Dress up Your Fundraising With a Halloween Costume Ball

The great thing about a Halloween costume ball fundraiser is you don't have to think up a theme. It's already set for you. Halloween is a great time to hold a fundraiser because people are already in a holiday party mood, just looking for excuses to dress up in costume and have fun. All that's left is the organizing and planning.

Decisions to Make

First, if your organization doesn't already have one in place, create a fundraising committee. The committee will be responsible for all the fundraising planning, from finding a venue to music and food. They may also contact members of the local community, to find businesses and individuals who are willing to sponsor, donate to, or volunteer for your Halloween ball.

One of the main decisions you'll need to make is whether or not to include children. Halloween is a big holiday for kids, sure, but remember that they will be involved in all kinds of activities at school, at kids' Halloween parties, and at home with trick-or-treating. Don't feel guilty about organizing an adults-only event, if that's what you choose to do. Parents may appreciate an event where they can have some fun on their own after the little ones are well on their way to sugar comas.


Next, decide on a budget. This will be determined by several factors: how many people you estimate will attend; what kind of food you will serve; whether or not alcohol will be served; how much it will cost to rent the location; to name just a few.
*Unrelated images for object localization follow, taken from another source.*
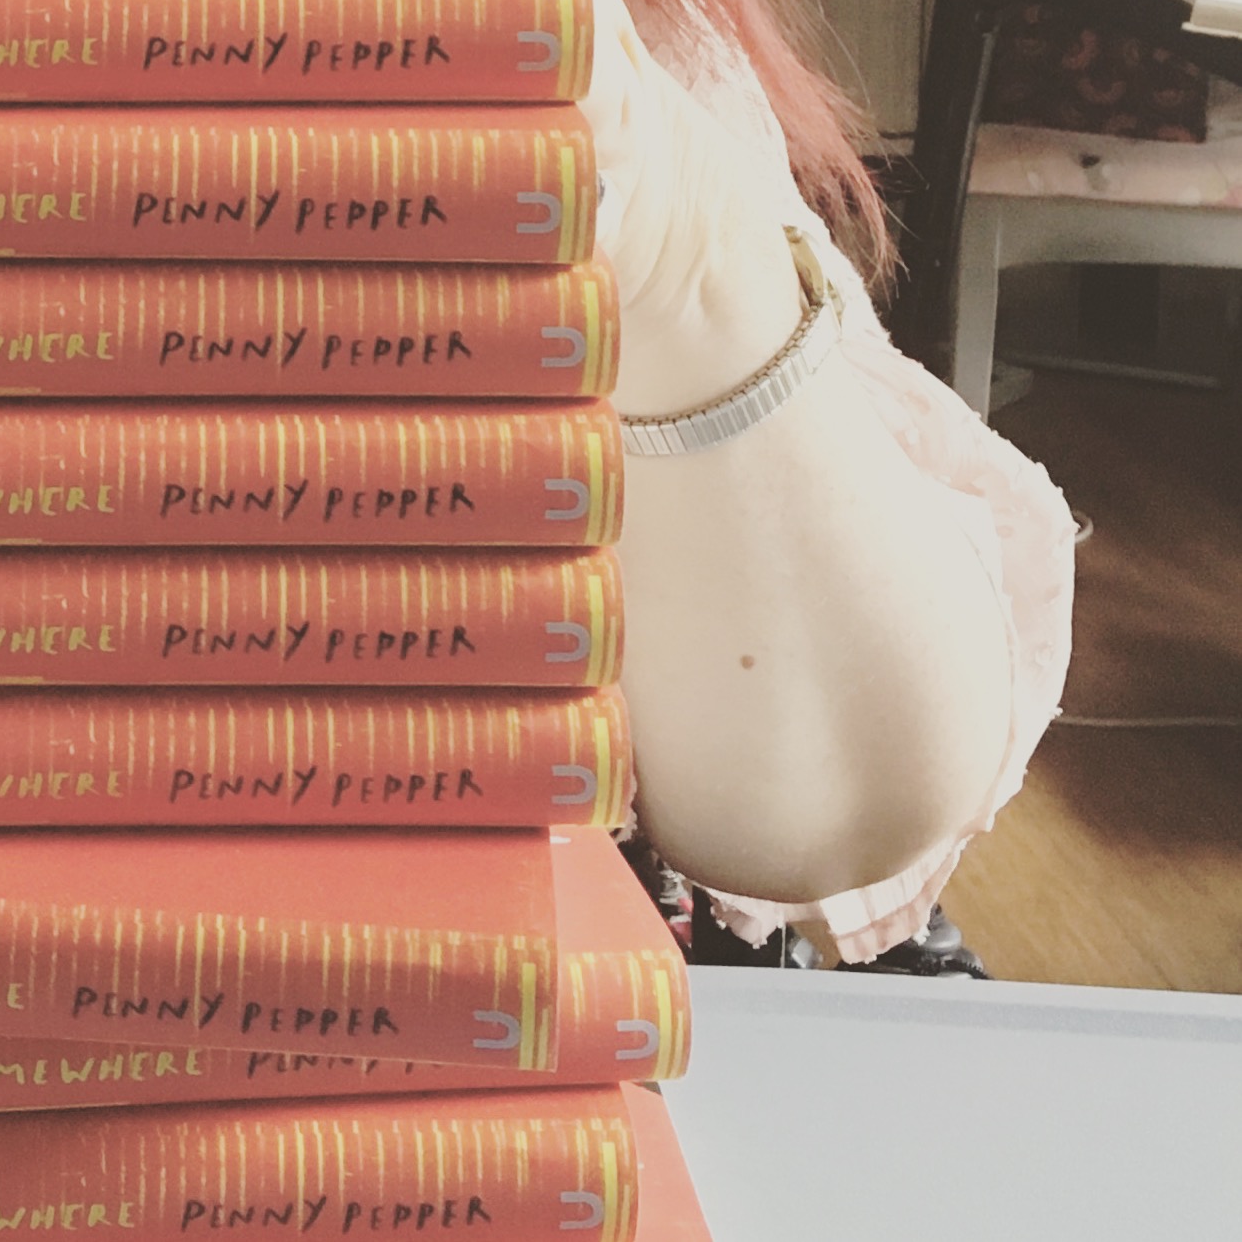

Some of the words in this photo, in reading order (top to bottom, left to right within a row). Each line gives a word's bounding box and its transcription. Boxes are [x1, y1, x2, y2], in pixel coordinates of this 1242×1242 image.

[143, 32, 288, 72] PENNY
[302, 35, 450, 75] PEPPER
[133, 190, 280, 231] PENNY
[295, 195, 447, 233] PEPPER
[160, 327, 307, 367] PENNY
[322, 331, 471, 370] PEPPER
[160, 479, 308, 520] PENNY
[324, 483, 474, 522] PEPPER
[162, 621, 310, 660] PENNY
[326, 625, 475, 663] PEPPER
[170, 765, 317, 804] PENNY
[332, 769, 482, 806] PEPPER
[72, 987, 224, 1028] PENNY
[242, 1002, 398, 1035] PEPPER
[181, 1195, 327, 1232] PENNY
[343, 1196, 491, 1234] PEPPER
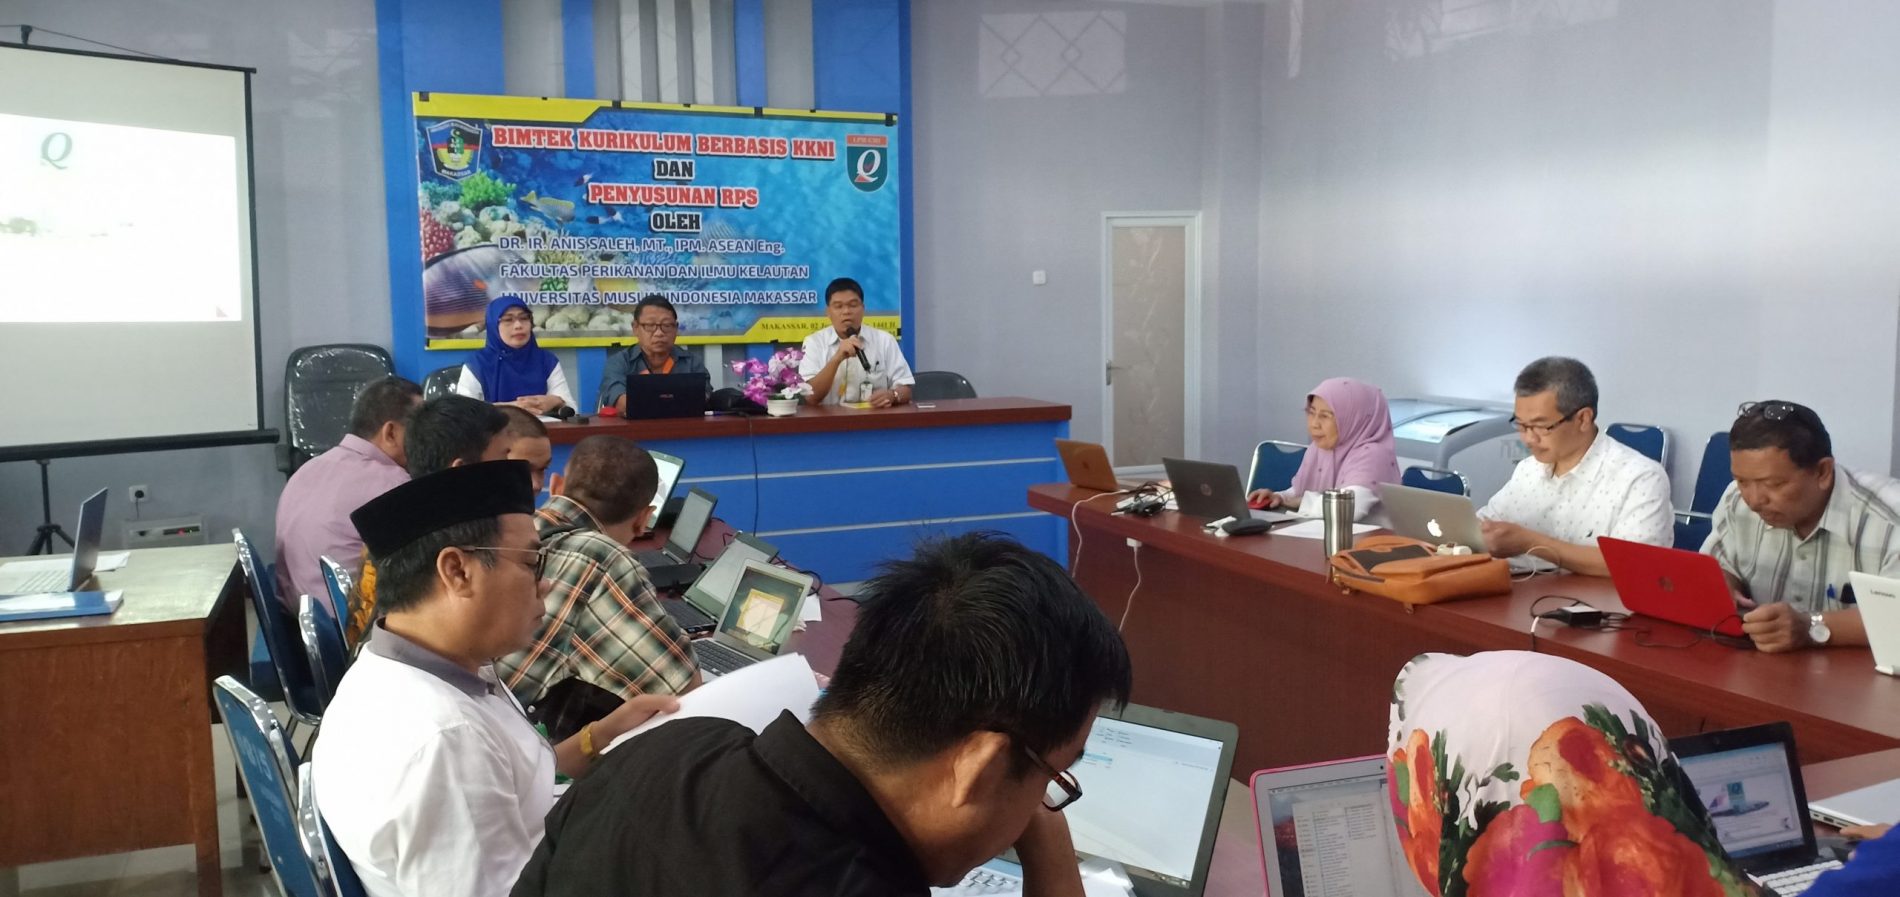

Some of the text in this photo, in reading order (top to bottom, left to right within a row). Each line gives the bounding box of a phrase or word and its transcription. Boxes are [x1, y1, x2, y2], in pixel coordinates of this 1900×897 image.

[41, 132, 73, 170] Q
[493, 126, 574, 148] BIMTEK
[577, 129, 692, 152] KURIKULUM
[696, 135, 788, 156] BERBASIS
[792, 139, 835, 158] KKNI
[656, 160, 694, 178] DAN
[856, 149, 881, 182] Q
[590, 184, 758, 206] PENYUSUNAN RPS
[652, 212, 701, 230] OLEH
[500, 237, 784, 255] DR. IR. ANIS SALEH, MT., IPM. ASEAN Eng.
[500, 265, 809, 279] FAKULTAS PERIKANAN DAN ILMU KELAUTAN
[667, 291, 739, 304] INDONESIA
[743, 291, 818, 304] MAKASSAR
Once you have a good idea of how much you want to spend, you'll know how much you need to raise through your fundraising event, and still have enough left over for your cause. This will also give you an idea of how many, and what type of sponsors you want to try to work with. Try to find sponsors that will help you save money.

For example, see if any local restaurants are willing to donate inexpensive appetizers so you don't have to spend as much on food.
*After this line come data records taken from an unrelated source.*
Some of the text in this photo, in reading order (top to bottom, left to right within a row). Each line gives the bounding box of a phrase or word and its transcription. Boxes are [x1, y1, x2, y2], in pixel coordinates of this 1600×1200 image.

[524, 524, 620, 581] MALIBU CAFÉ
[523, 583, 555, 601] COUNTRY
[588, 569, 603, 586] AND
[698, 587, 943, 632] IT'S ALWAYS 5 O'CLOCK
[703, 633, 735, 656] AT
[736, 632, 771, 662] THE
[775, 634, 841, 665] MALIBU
Start making your event fun right off the bat by sending out Halloween party invitations. These are widely available this time of year because so many schools, families, and other organizations are putting on all kinds of Halloween parties.

Using these invitations also gives the event a slight nostalgic feel, reminding people of the Halloween parties they attended as kids. You can also publicize your event with fliers, and through your organization's newsletter and Web site.

See if one of the local radio stations will donate a minute or two of time to talk about your event.

Finally, decide on what to charge. Will it be flat price for admission that includes food, beverages, and activities? Or will you set a lower admission fee, and then charge for the amenities separately? Knowing your community will help you make this decision. Also, once you've chosen the amenities you'll be offering, you'll have a good idea of their value, and can more easily set a fair price.


Once you have the basic plans in place, it's time to put together some activities for the big night. A Halloween ball gives you a lot of options for fun. Here are just a few ideas:

  • Hold a costume contest. Create separate categories for scariest, funniest, best overall, and anything else you can think of. If you do include kids in your event, have a separate contest for them. Don't forget the prizes!
  • Play some games. Bobbing for apples is a Halloween tradition, so don't leave it out! But do remember that people who have gone to a lot of trouble putting on makeup for their costume may not want to get their faces wet. Be sure to have a few other things for everyone to participate in. Maybe a rotten apple or rotten egg toss, or a mini-contest to see who has the best evil laugh, or who can make the best scary ghost sound.
  • If you have the materials, the volunteers, and the know-how, think about constructing a haunted house for guests to walk through. Use mannequins and other props for scary sets, and have some of your group member dress up as ghosts and goblins to jump out and scare people. Again, if you include children, take them into consideration either by having a separate not-so-scary haunted house for them, or a specific time when they can walk through and tone things down a bit during that time.

Be sure to have a group of volunteers available to help with cleanup after the Halloween ball, especially if you've had any messy activities. Depending on where you hold it, everything may need to be cleared out that same night or the next day to make room for the next event.

If you're not prepared, you may get stuck with solo cleanup duty, and if you've ever seen a horror movie, you know it's best not to be anywhere alone after midnight on Halloween.